O SILÊNCIO DO PRAZER: Ciência explica por que algumas pessoas não sentem nada ao ouvir música

Você já se perguntou por que algumas pessoas ficam emocionadas, arrepiadas ou até choram ao ouvir uma música, enquanto outras simplesmente dizem “é só som”? Essa diferença não é questão de gosto ou educação musical — é, em grande parte, uma característica neurológica real chamada anhedonia musical específica (ou “specific musical anhedonia”). Estudos recentes, liderados por pesquisadores da Espanha, Canadá e Estados Unidos, mostram que cerca de 3% a 5% da população tem um cérebro que não libera dopamina significativa ao ouvir música, mesmo gostando dela intelectualmente ou reconhecendo sua qualidade.

O que acontece no cérebro de quem “não sente nada”?

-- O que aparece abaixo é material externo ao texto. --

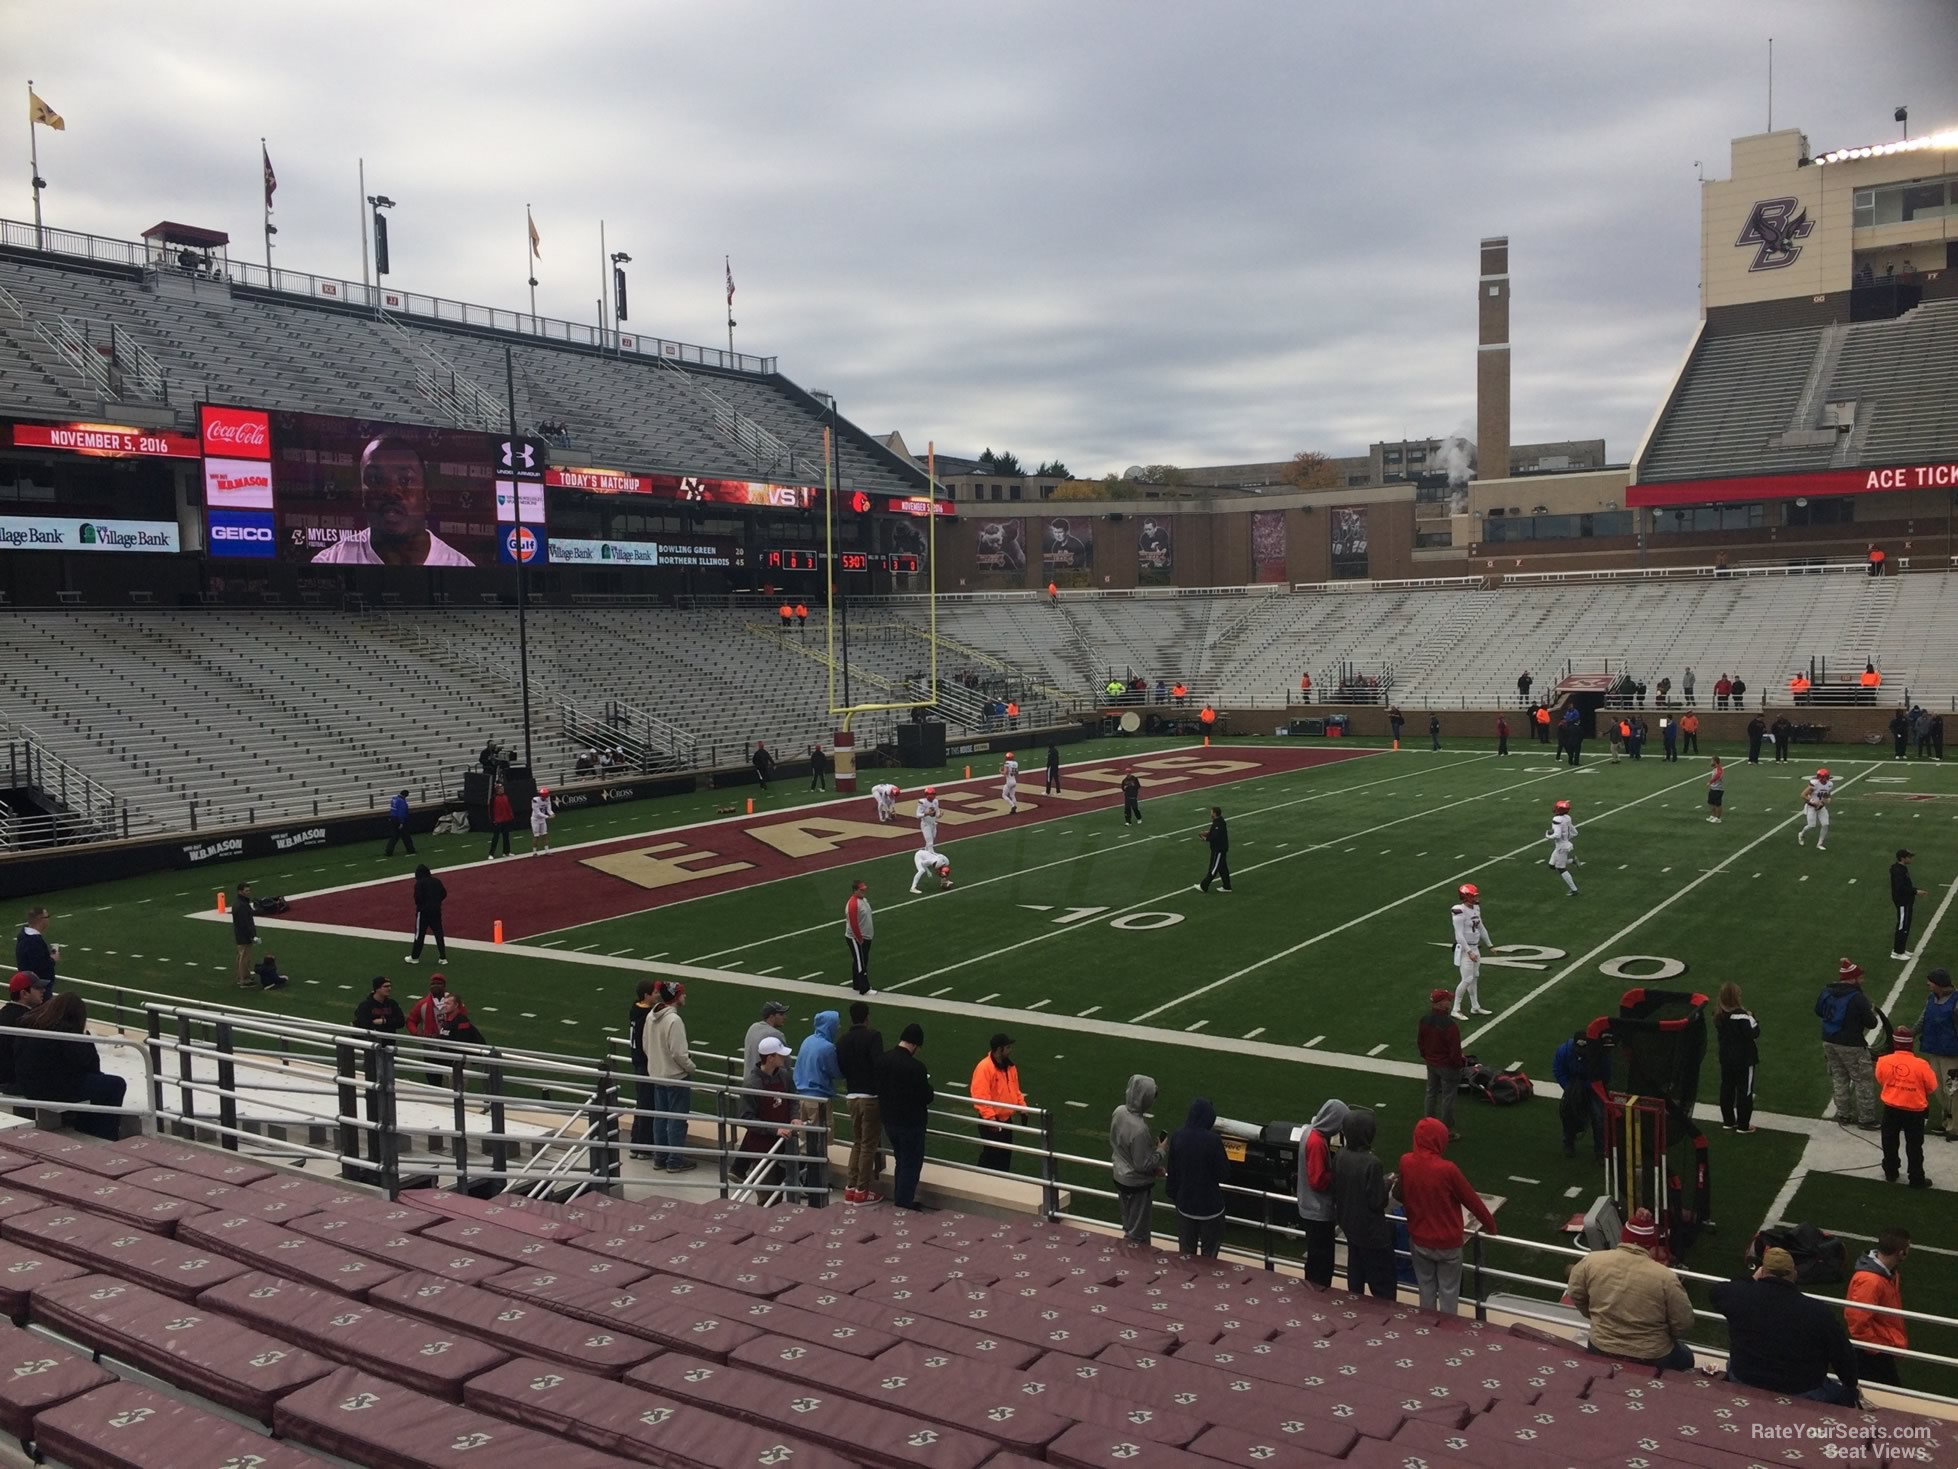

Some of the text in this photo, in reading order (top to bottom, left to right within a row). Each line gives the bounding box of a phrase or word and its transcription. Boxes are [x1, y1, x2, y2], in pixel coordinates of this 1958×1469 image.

[51, 430, 168, 453] NOVEMBER 5, 2016
[560, 472, 640, 491] TODAY'S MATCHUP
[1866, 468, 1907, 489] ACE
[768, 488, 796, 506] VS
[901, 501, 926, 512] NOVEMBER
[28, 528, 63, 545] Bank
[97, 527, 170, 548] Village Bank
[211, 526, 273, 541] GEICO
[308, 528, 369, 543] MYLES WILLIS
[549, 544, 593, 561] Village Bank
[611, 547, 652, 562] Village Bank
[659, 545, 692, 553] BOWLING
[694, 546, 716, 554] GREEN
[659, 556, 697, 565] NORTHERN
[699, 557, 730, 566] ILLINOIS
[276, 828, 326, 849] W.B.MASON
[189, 839, 243, 861] W.B.MASON

Pesquisas publicadas entre 2014 e 2025 (principalmente por Josep Marco-Pallarés, da Universidade de Barcelona, e Robert Zatorre, da McGill) usaram ressonância magnética funcional (fMRI) e PET-scan para comparar dois grupos:

  • Pessoas com resposta emocional intensa à música → forte ativação do núcleo accumbens (centro de recompensa do cérebro) e liberação maciça de dopamina quando ouvem trechos emocionantes.
  • Pessoas com anhedonia musical → o núcleo accumbens não se ativa (ou ativa muito pouco) durante a audição, mesmo quando elas reconhecem a música como bonita, bem executada ou emocionalmente expressiva.

Curiosamente:

  • Elas não têm anhedonia geral (sentem prazer com comida, sexo, dinheiro, jogos etc.).
  • Não apresentam transtornos psiquiátricos graves.
  • Muitas gostam de música, vão a shows, colecionam discos — apenas não têm o “arrepio”, o “nó na garganta” ou a “emoção forte”.

Isso indica que o prazer musical depende de uma via específica de recompensa que, em algumas pessoas, simplesmente não se conecta com a audição.

Principais Descobertas Científicas (2014–2025)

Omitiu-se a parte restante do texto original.